Shame

Home > Mystery > Shame > Page 12
Shame Page 12

by Alan Russell


  “I went downstairs in the middle of the night, and I saw that he’d left his psychology textbook open. I sat and started reading about Dr. Harry Harlow and his awful experiments with rhesus monkeys.”

  “What kind of experiments?”

  “He deprived young monkeys of their mothers and set up all sorts of artificial mother substitutes, but Harlow’s mothers weren’t designed for love. They looked like something created in Dr. Frankenstein’s laboratory. These were mothers who shot jets of compressed air at the baby monkeys that tried desperately to cling to them, air that almost separated their fur from their skin; these were mothers that rocked violently, bucking the babies to the floor; these were mothers designed to reject their babies, pushing them away with mechanical spikes until the little monkeys dropped to the concrete.”

  “What was the point of the experiments?”

  “I think it was to create monsters, because that’s what it did. The monkeys grew up to be very abnormal. They didn’t know how to be social. They attacked other monkeys for no reason, and they abused themselves. And when they became mothers, usually as a consequence of Harlow’s setting up a controlled rape, the results were tragic. Offspring were abused and killed.”

  Anna shook her head. “I’m a nurse. I’ve seen a lot of pain and suffering. But the pictures accompanying the text really got to me. Despite all the rejection, the young monkeys kept trying to go back to their artificial mothers. So great was their need for nurturing, they were willing to endure the source of their pain time and time again. I can still see their desperate faces. All they wanted was a little love.”

  “Did you ever talk about this with Caleb?”

  “No. It was something else we swept under the rug. That week Caleb stopped going to classes. He said formal education didn’t appeal to him.”

  “Did you believe him?”

  “No.”

  Anna’s expression showed how conflicted she was. She didn’t want to be disloyal.

  “But that doesn’t make Cal a liar or anything. I’m certain he had nothing to do with those women’s deaths. I know he’s innocent.”

  The rising tone of her voice qualified her statement; a few moments later, so did Anna.

  “I just wish he hadn’t closed off so much of himself to me and the kids. I’ve lived with Cal for eleven years, and there have been times I wondered if I ever really knew him. He’s this puzzle with all sorts of missing pieces.”

  A puzzle that saw himself as a Harlow experiment, thought Elizabeth. But an experiment at what stage? Had Caleb seen himself as the rejected waif or the grown-up monster?

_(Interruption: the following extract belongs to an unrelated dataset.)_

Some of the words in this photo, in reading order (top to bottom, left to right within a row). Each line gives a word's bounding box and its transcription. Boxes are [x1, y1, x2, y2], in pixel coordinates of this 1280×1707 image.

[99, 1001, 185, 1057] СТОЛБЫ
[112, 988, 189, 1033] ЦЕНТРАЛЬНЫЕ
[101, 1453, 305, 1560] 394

By his own words Caleb had said he was doomed, but he had never specified whether his fate was as victim or victimizer. Maybe at the time he hadn’t known.

  Maybe he still didn’t.

  17

  SLEEP WOULDN’T COME. The more Caleb pursued it, the more it eluded him. The room felt stuffy and cramped, and as time passed the bed and pillows became instruments of torture. Caleb missed Anna and the kids. Their absence made his chest feel empty, as if there were a hole there.

  It felt like everything was closing in on him. He tried to control his claustrophobia but couldn’t. The pressure kept increasing. Finally he jumped off the bed, rushed over to the window, and pressed his head up against the screen, gulping in the night air. The thought of prison, of being shut in an even smaller room, made Caleb hyperventilate. He became lightheaded, and had to grab the window sill to avoid falling. But the walls still closed in....

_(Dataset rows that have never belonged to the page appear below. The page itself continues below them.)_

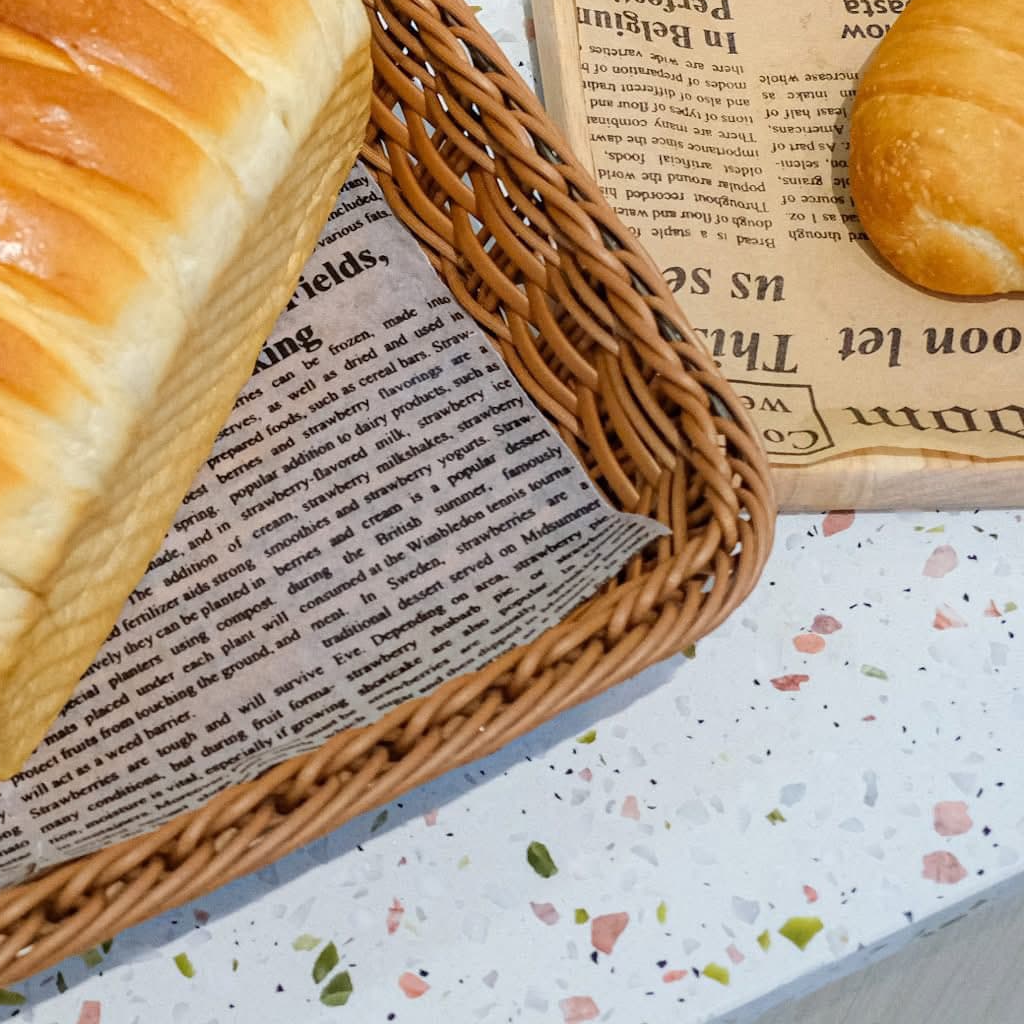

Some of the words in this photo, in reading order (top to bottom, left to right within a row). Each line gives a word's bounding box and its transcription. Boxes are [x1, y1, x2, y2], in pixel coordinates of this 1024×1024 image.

[843, 0, 911, 20] asta
[704, 29, 738, 54] In
[769, 122, 846, 139] Americans,
[659, 155, 712, 169] artificial
[598, 169, 635, 179] world
[668, 173, 712, 185] around
[626, 190, 684, 202] recorded
[718, 180, 766, 192] popular
[694, 194, 768, 212] Throughout
[652, 226, 690, 239] staple
[736, 235, 775, 248] Bread
[789, 229, 841, 242] through
[731, 272, 785, 302] us
[328, 331, 375, 355] frozen,
[383, 309, 417, 329] made
[427, 297, 451, 309] into
[838, 327, 901, 367] let
[266, 413, 307, 436] foods,
[359, 362, 397, 386] cereal
[375, 429, 410, 450] milk,
[375, 516, 422, 546] British
[435, 484, 493, 516] summer,
[502, 447, 562, 480] famously
[406, 511, 485, 552] Wimbledon
[486, 489, 527, 513] tennis
[264, 517, 330, 558] smoothies
[387, 558, 445, 590] Sweden,
[322, 606, 392, 648] traditional
[370, 605, 451, 646] Depending
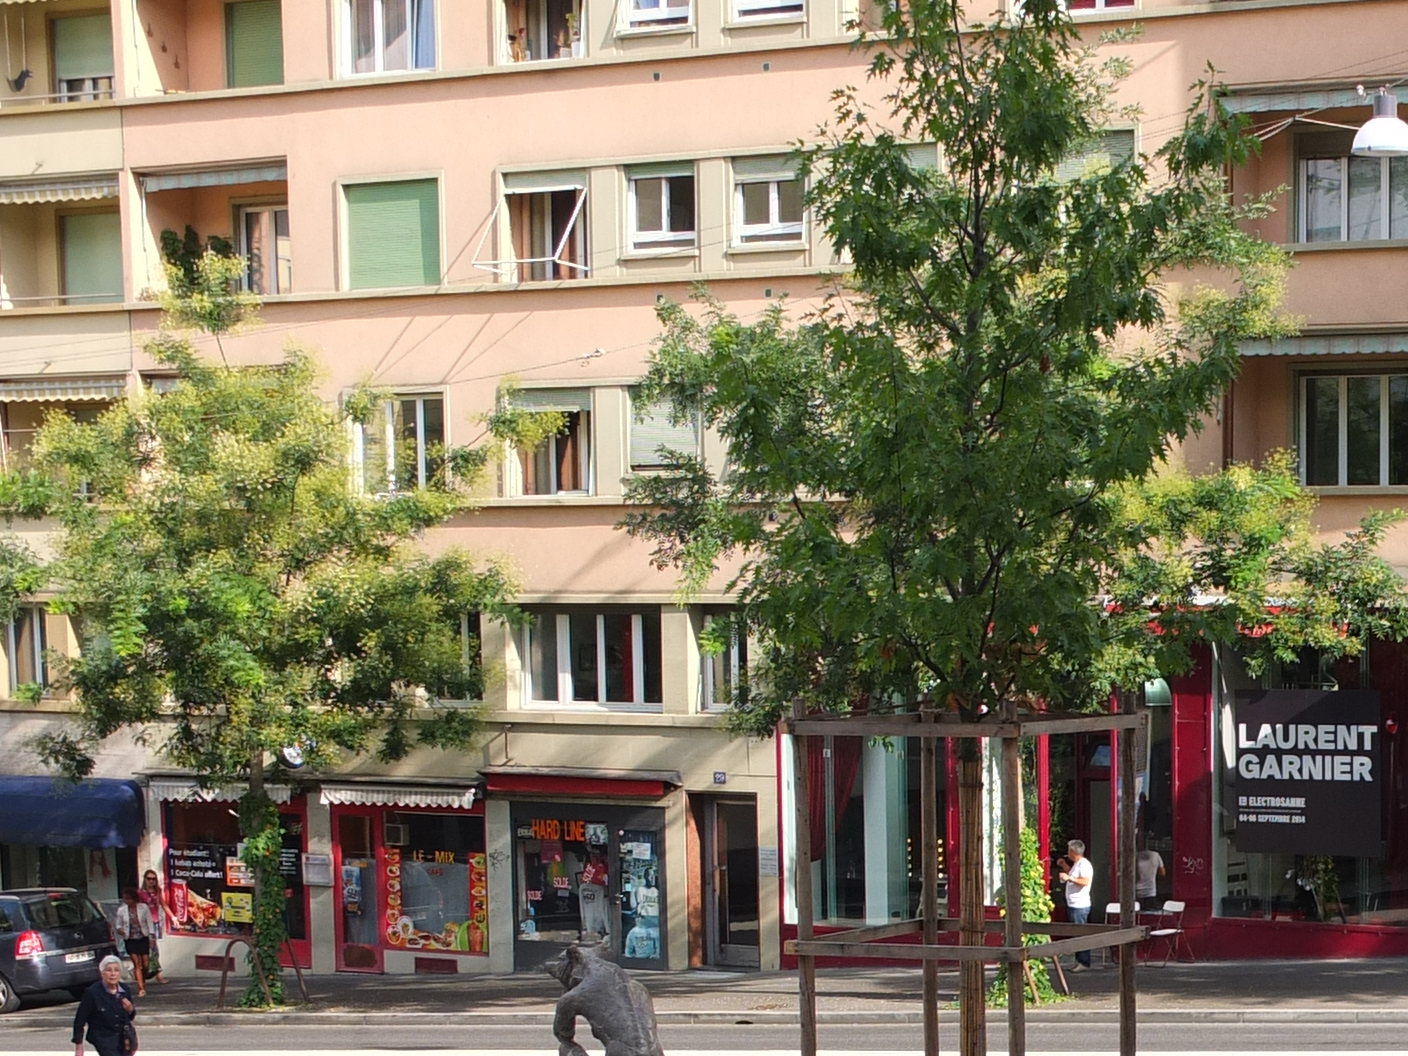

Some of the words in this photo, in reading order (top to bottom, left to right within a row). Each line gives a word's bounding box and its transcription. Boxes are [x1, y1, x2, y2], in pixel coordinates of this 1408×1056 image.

[1238, 723, 1378, 751] LAURENT
[1238, 753, 1373, 782] GARNIER
[531, 818, 560, 840] HARD
[564, 820, 585, 842] LINE
[413, 849, 425, 863] LE
[435, 850, 455, 864] MIX
[553, 877, 570, 888] SOLDE

  “Cal? Is that your name? I mean your real name?”

  The pack tightened their circle and cut off his escape. He looked around, desperate to find an opening. There wasn’t one.

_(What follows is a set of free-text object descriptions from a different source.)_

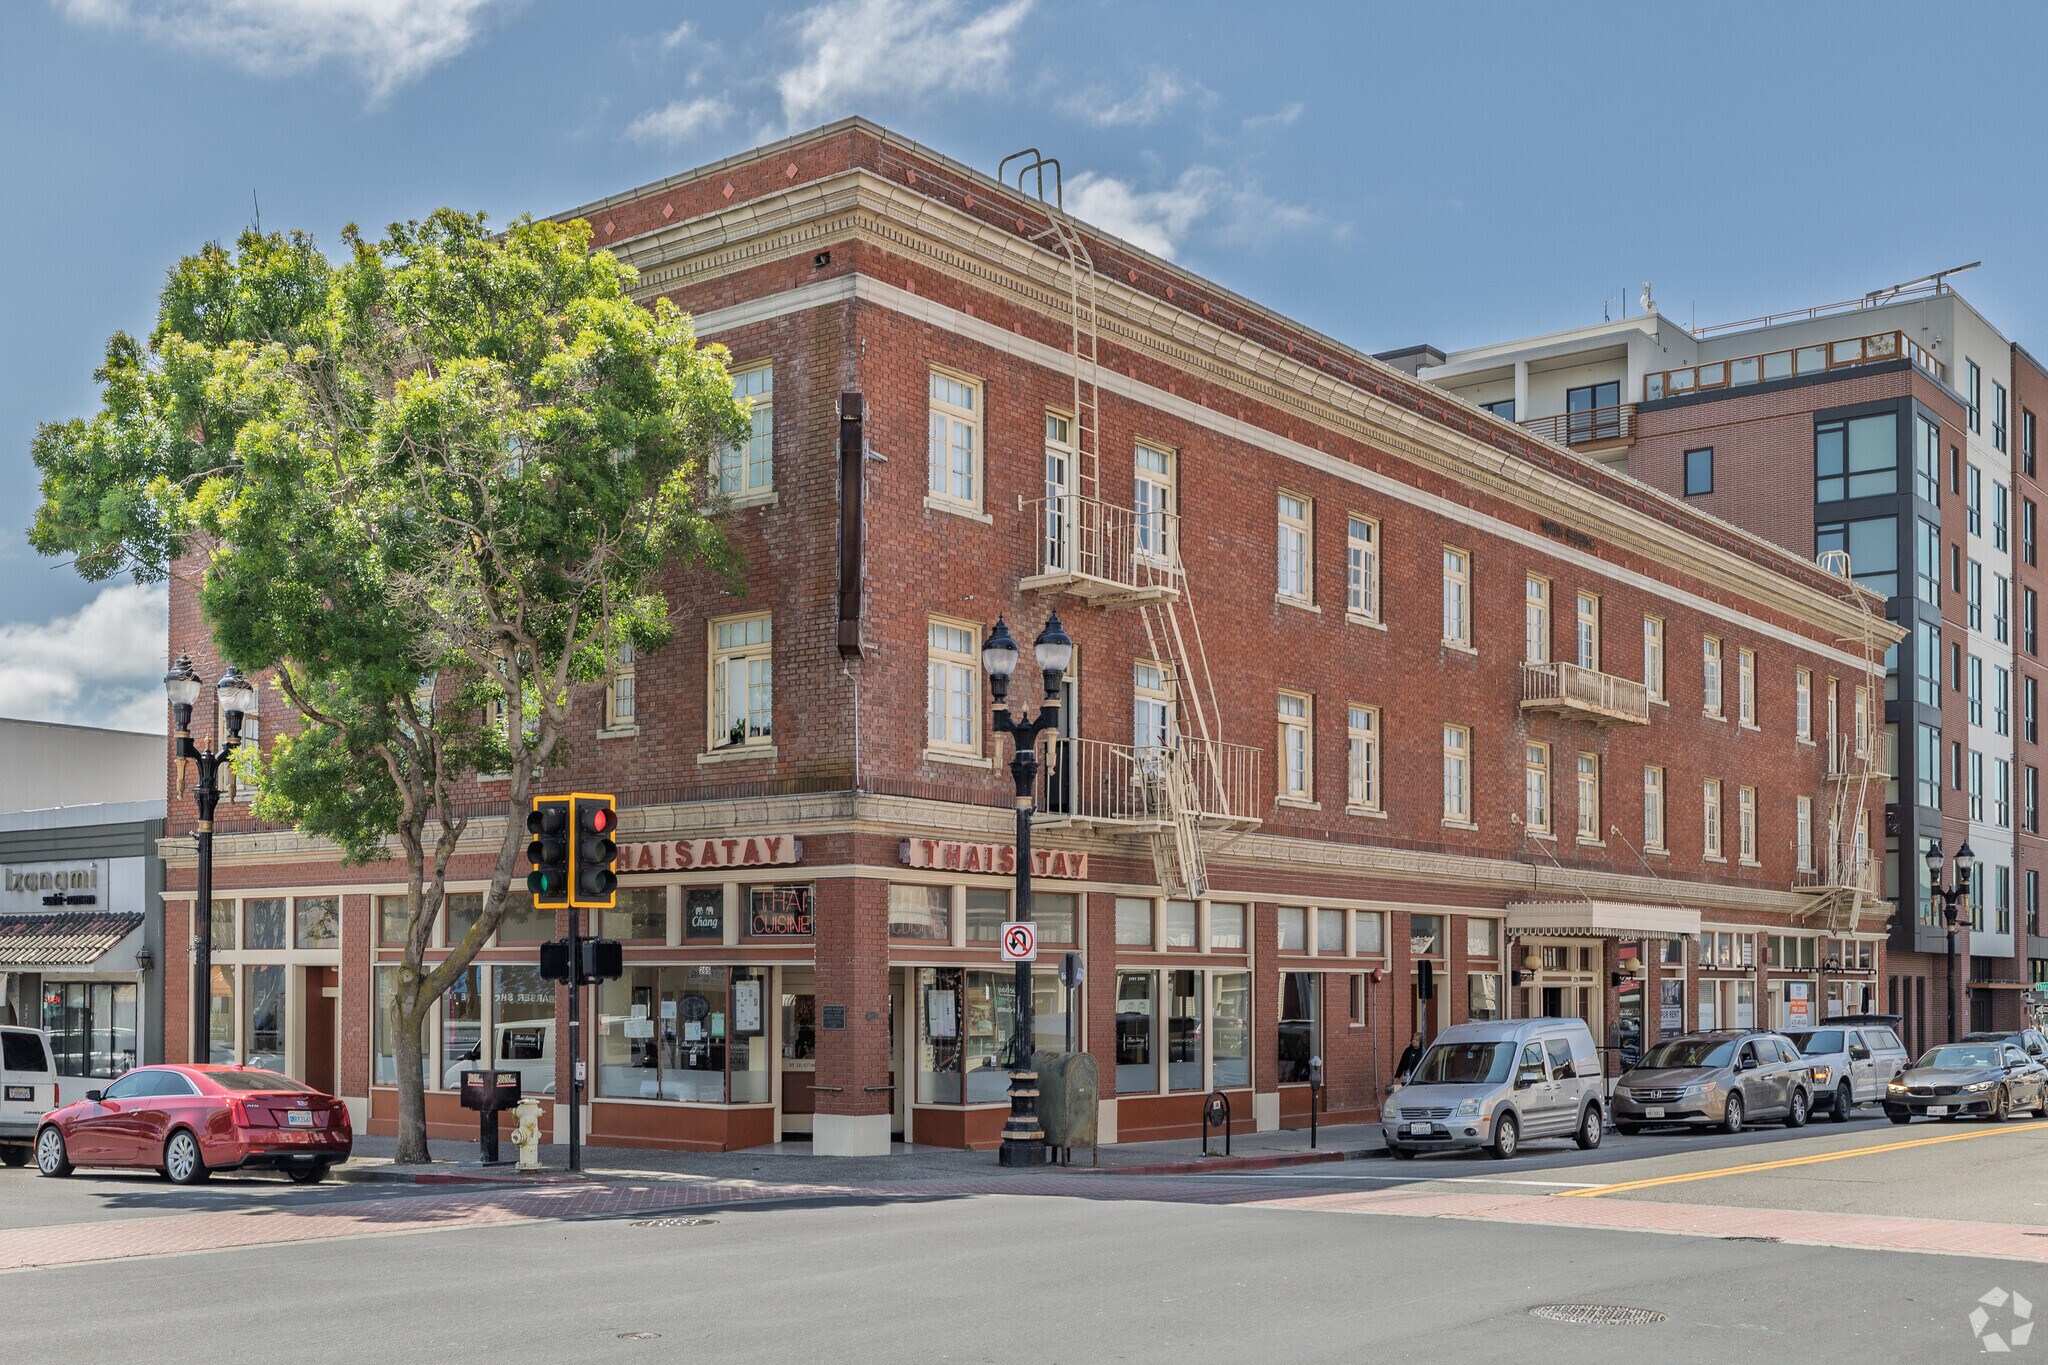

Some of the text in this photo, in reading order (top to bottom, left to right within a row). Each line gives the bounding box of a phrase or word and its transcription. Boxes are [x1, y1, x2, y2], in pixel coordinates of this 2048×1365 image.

[616, 837, 781, 869] HAISATAY
[923, 840, 1085, 877] THAISTAY
[5, 862, 98, 892] Izanami
[758, 889, 808, 912] THAI
[692, 915, 718, 929] Chang
[753, 915, 811, 934] CUISINE

  “I haven’t heard an answer, Cal.”

  Eddie McGlynn had picked on Caleb from his first day at the high school. McGlynn put his face close to Caleb’s, not more than two inches away, and waited for his answer with pretended interest.

  “Cal or Caleb. Either one.”

  “Either one,” said McGlynn. “Why, that’s mighty generous of you, Cal.”

  He had never officially changed his name, had just dropped his first name of Gray and taken to using his middle name. Caleb had hoped the name change would put some distance between him and his father, that people would forget, but that had proved a false hope. The people of Concho County had long memories. Since his father’s conviction and execution, Caleb had always tried to be invisible, not to stand out, but few classmates allowed him to be anonymous. He was everyone’s favorite target. The boys growing up in Concho County were always beating him up.

  The circle of man-boys closed in on Caleb. Most of those who surrounded him were a year or two older than his sixteen years. He looked around for teachers, for help, and saw Mr. Harriman the math teacher observe what was happening, only to close his door and pretend not to notice what was going on.

  “If your real name’s Cal or Caleb,” Eddie said, “how’s come I’ve seen a different name on class lists and stuff?”

  Caleb shook his head. “Don’t know,” he said.

  “Now what’s that name I saw?” Eddie scratched his head, then reached for suspenders that weren’t there. His exaggerated mannerisms had his circle laughing. “Was some kind of color, I think. Pink maybe. Or Puce. Green, that’s what it was. No, it was Gray. That’s it. That’s the name I saw.”

  Caleb shrugged his shoulders and tried to get by again, but the pack wouldn’t let him. They knew the fun was just beginning. “I got to get to lunch,” he said.

  “What’s you going to eat?” Eddie asked. “Some pussy?”

  Everyone in the circle snickered. The faces around Caleb took on a nightmarish quality. He was sport for hard eyes and mocking expressions and cruel mouths. There were pimples on most of the faces, as shiny and angry and eruptive as the boys themselves.

  “Heard your daddy was a big one for playing with pussy. I mean he didn’t beat around the bush, did he?”

  There were yelps of laughter, poking of elbows into ribs, and slaps on backs.

  “Muff diving’s one thing, but your old man, Jeezuss, I heard one time he took a bite out of a beaver. What’d he think, one gash wasn’t enough?”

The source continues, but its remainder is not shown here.